There has been discussions with some members of the Sig-Windows group and it seems this feature does not make sense from the Windows perspective. However, the feature works as intended on Windows. Specifically, when the user configures pod to have an FQDN and sets setHostnameAsFQDN: true, Windows sets the registry value of ‘hostname’ for the registry key HKEY_LOCAL_MACHINE\SYSTEM\CurrentControlSet\Services\Tcpip\Parameters to the pod FQDN. When executing the command hostname, the pod FQDN is returned.

Risks and Mitigations

Design Details

Test Plan

The following end-to-end test is implemented in addition to unit tests:

Create e2e cases for the 3 User scenarios we described and check value returned by hostname/uname -n versus hostname --fqdn

Graduation Criteria

Compatible with major systems (e.g. linux, windows)

Alpha -> Beta Graduation

Gather feedback from users
Ensure e2e tests are running in Testgrid and they are stable

Beta -> GA Graduation

Allowing time for feedback from production users

Upgrade / Downgrade Strategy

We will gate off this feature for one release (1.19), then we enable it by default as Beta in the next release (1.20), then GA in release 1.22

Version Skew Strategy

Old kubelets that do not have support for this feature will just ignore the PodSpec setHostnameAsFQDN field.

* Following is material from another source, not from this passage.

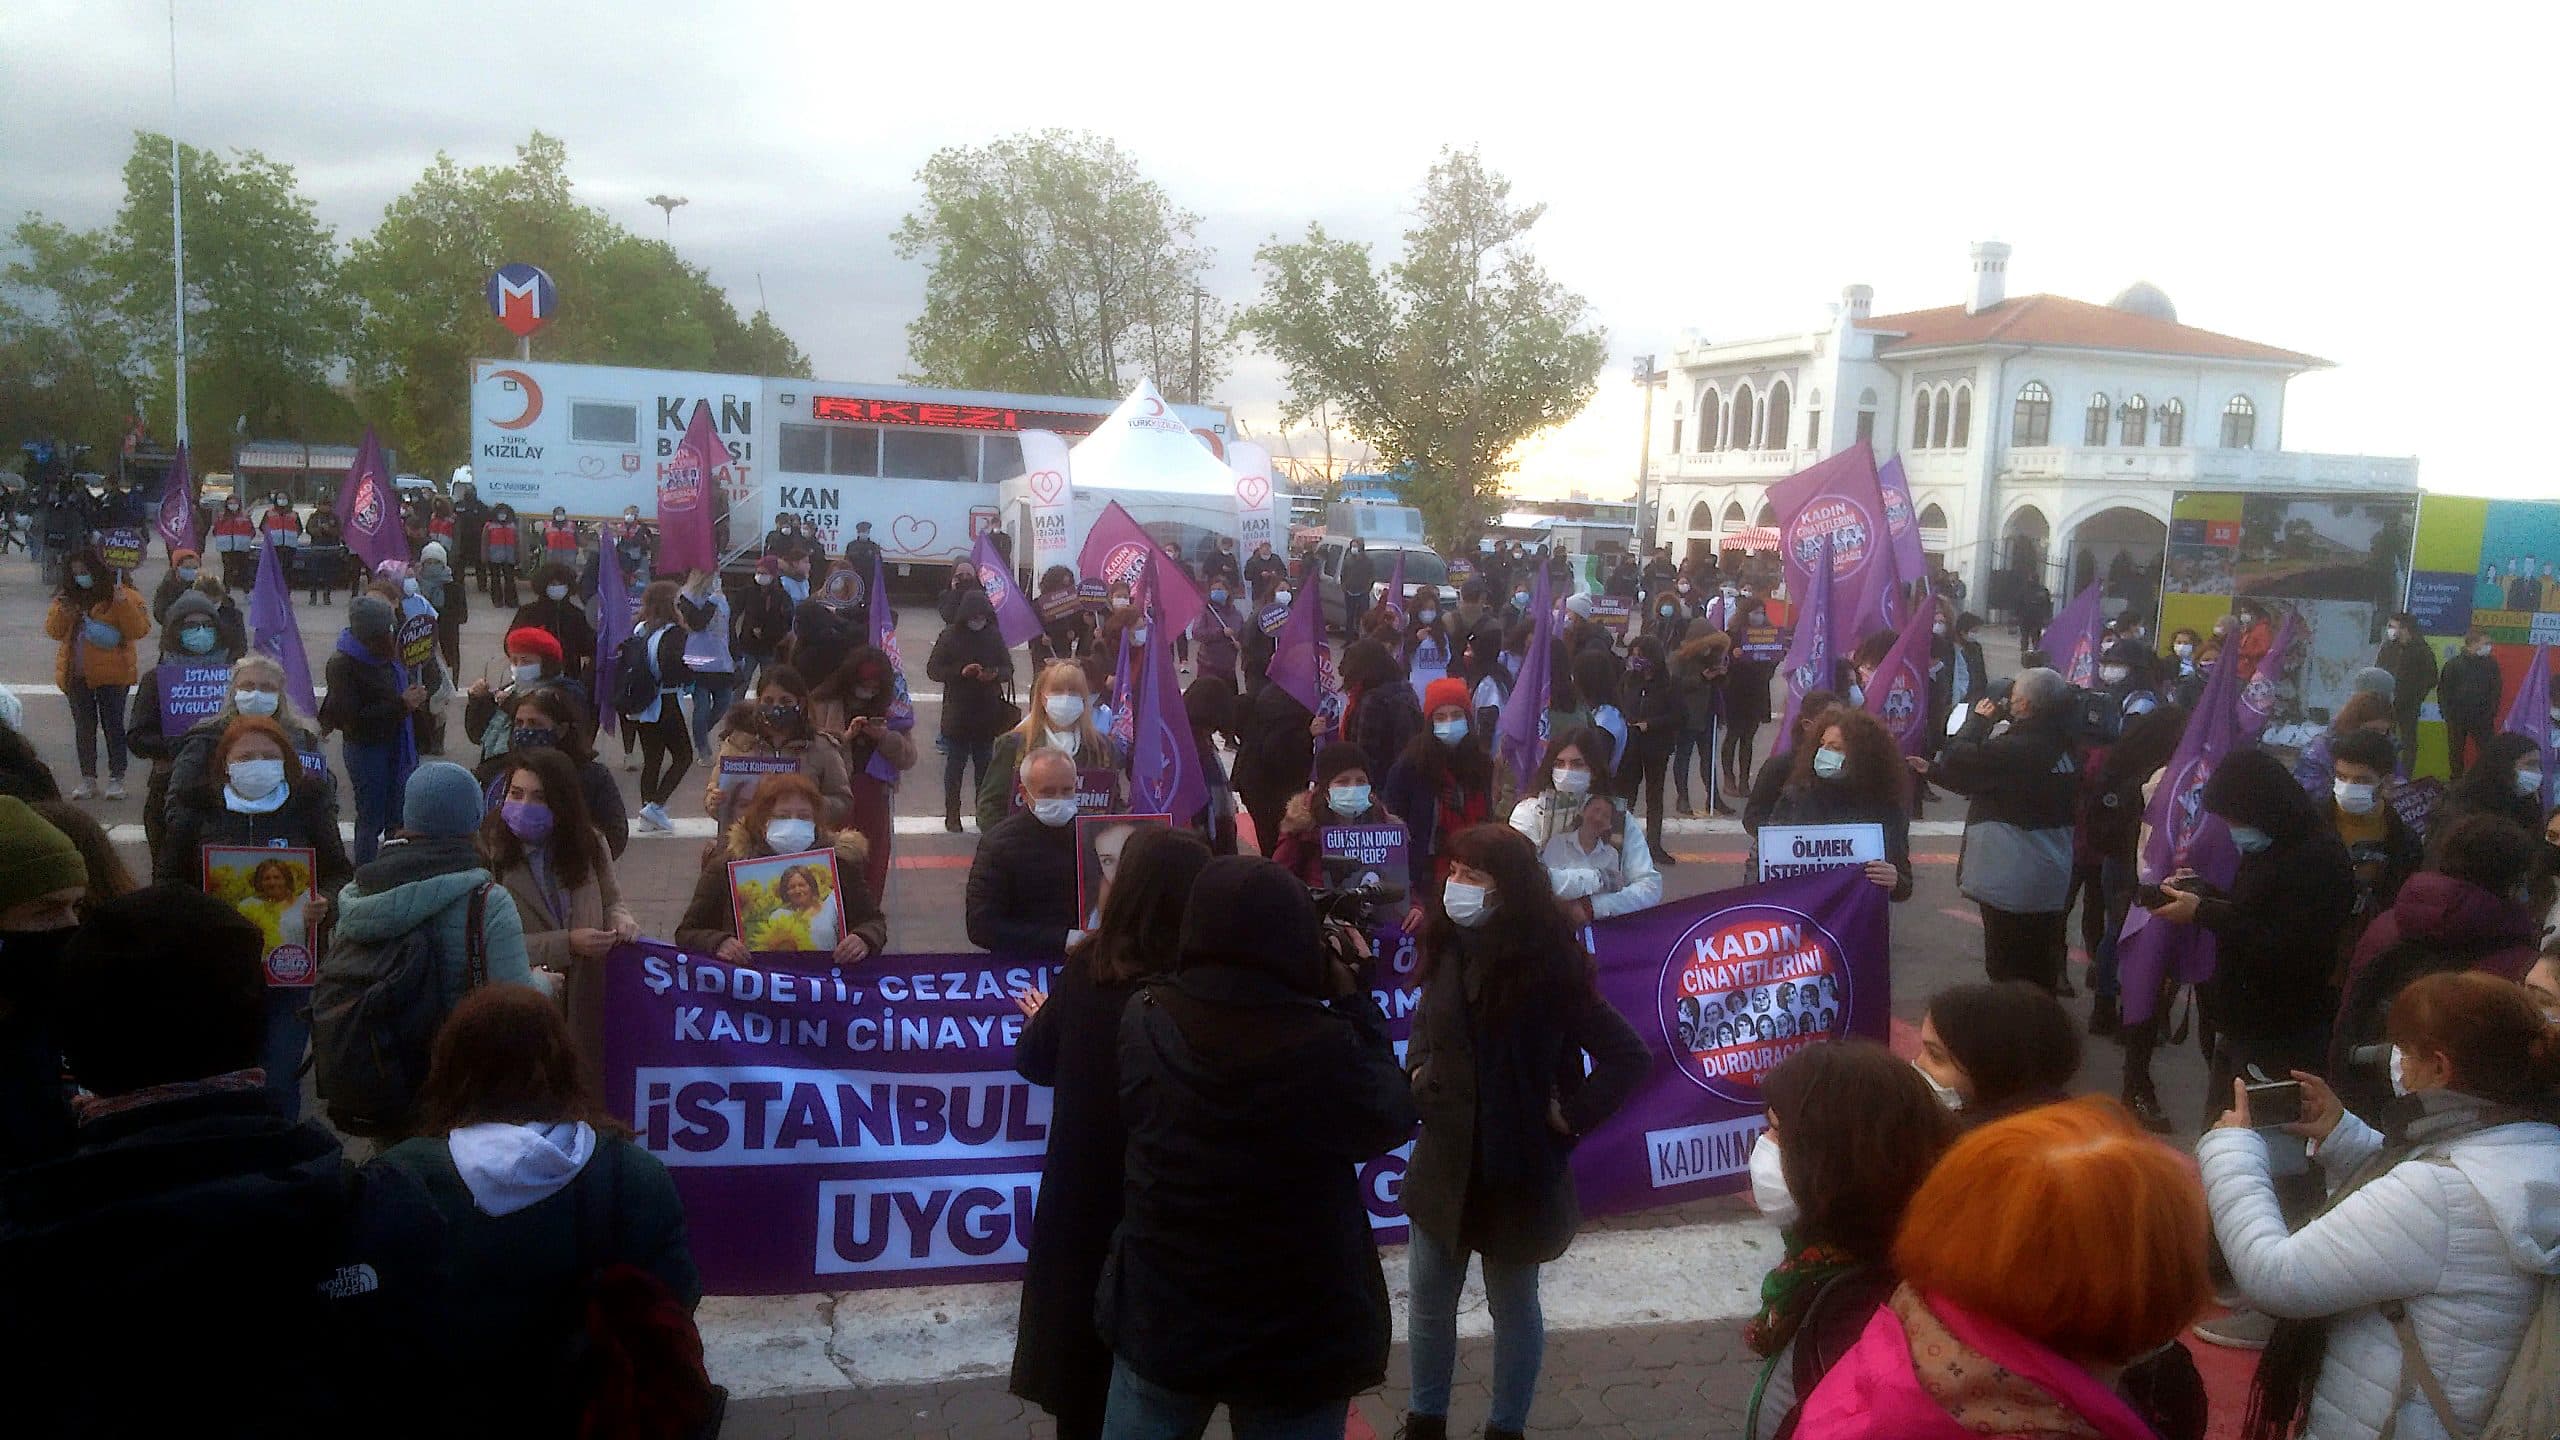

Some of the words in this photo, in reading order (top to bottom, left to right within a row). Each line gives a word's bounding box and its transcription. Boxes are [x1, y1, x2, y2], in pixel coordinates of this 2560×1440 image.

Production Readiness Review Questionnaire

Feature enablement and rollback

This section must be completed when targeting alpha to a release.

How can this feature be enabled / disabled in a live cluster?
- Feature gate (also fill in values in kep.yaml)
  - Feature gate name: setHostnameAsFQDN
  - Components depending on the feature gate: kube-apiserver and kubelet
- Other
  - Describe the mechanism:
  - Will enabling / disabling the feature require downtime of the control plane?
  - Will enabling / disabling the feature require downtime or reprovisioning of a node?
Does enabling the feature change any default behavior? No
Can the feature be disabled once it has been enabled (i.e. can we rollback the enablement)? Yes, it can be disabled. However, it will only have effect on newly created pods. Existing pods will keep having their FQDN as hostname, if they were configured for it.
What happens if we reenable the feature if it was previously rolled back? New pods, configured to have FQDN in hostname, will start getting FQDN in the hostname field of kernel.
Are there any tests for feature enablement/disablement? No, only manual testing was performed.

Rollout, Upgrade and Rollback Planning

This section must be completed when targeting beta graduation to a release.

How can a rollout fail? Can it impact already running workloads? No known failure modes.
What specific metrics should inform a rollback? Abnormal increase in run_podsandbox_errors_total count could be related to this feature. We should filter those pods having issues to create sandbox and check whether they are stuck due to the length of their FQDN, as described in the proposal.
Were upgrade and rollback tested? Was upgrade->downgrade->upgrade path tested? Yes. We tested enabling and disabling this feature. Running pods are not affected by either enabling nor disabling this feature. When disabling the feature, running Pods using the feature keep making use of it, while new pods do not get the setHostnameAsFQDN field even if a user tries to set it. Similarly, when reenabling the feature gate, existing pods keep existing behavior, and new pods that define setHostnameAsFQDN make use of the feature as expected.
Is the rollout accompanied by any deprecations and/or removals of features, APIs, fields of API types, flags, etc.? N/A

Monitoring requirements

This section must be completed when targeting beta graduation to a release.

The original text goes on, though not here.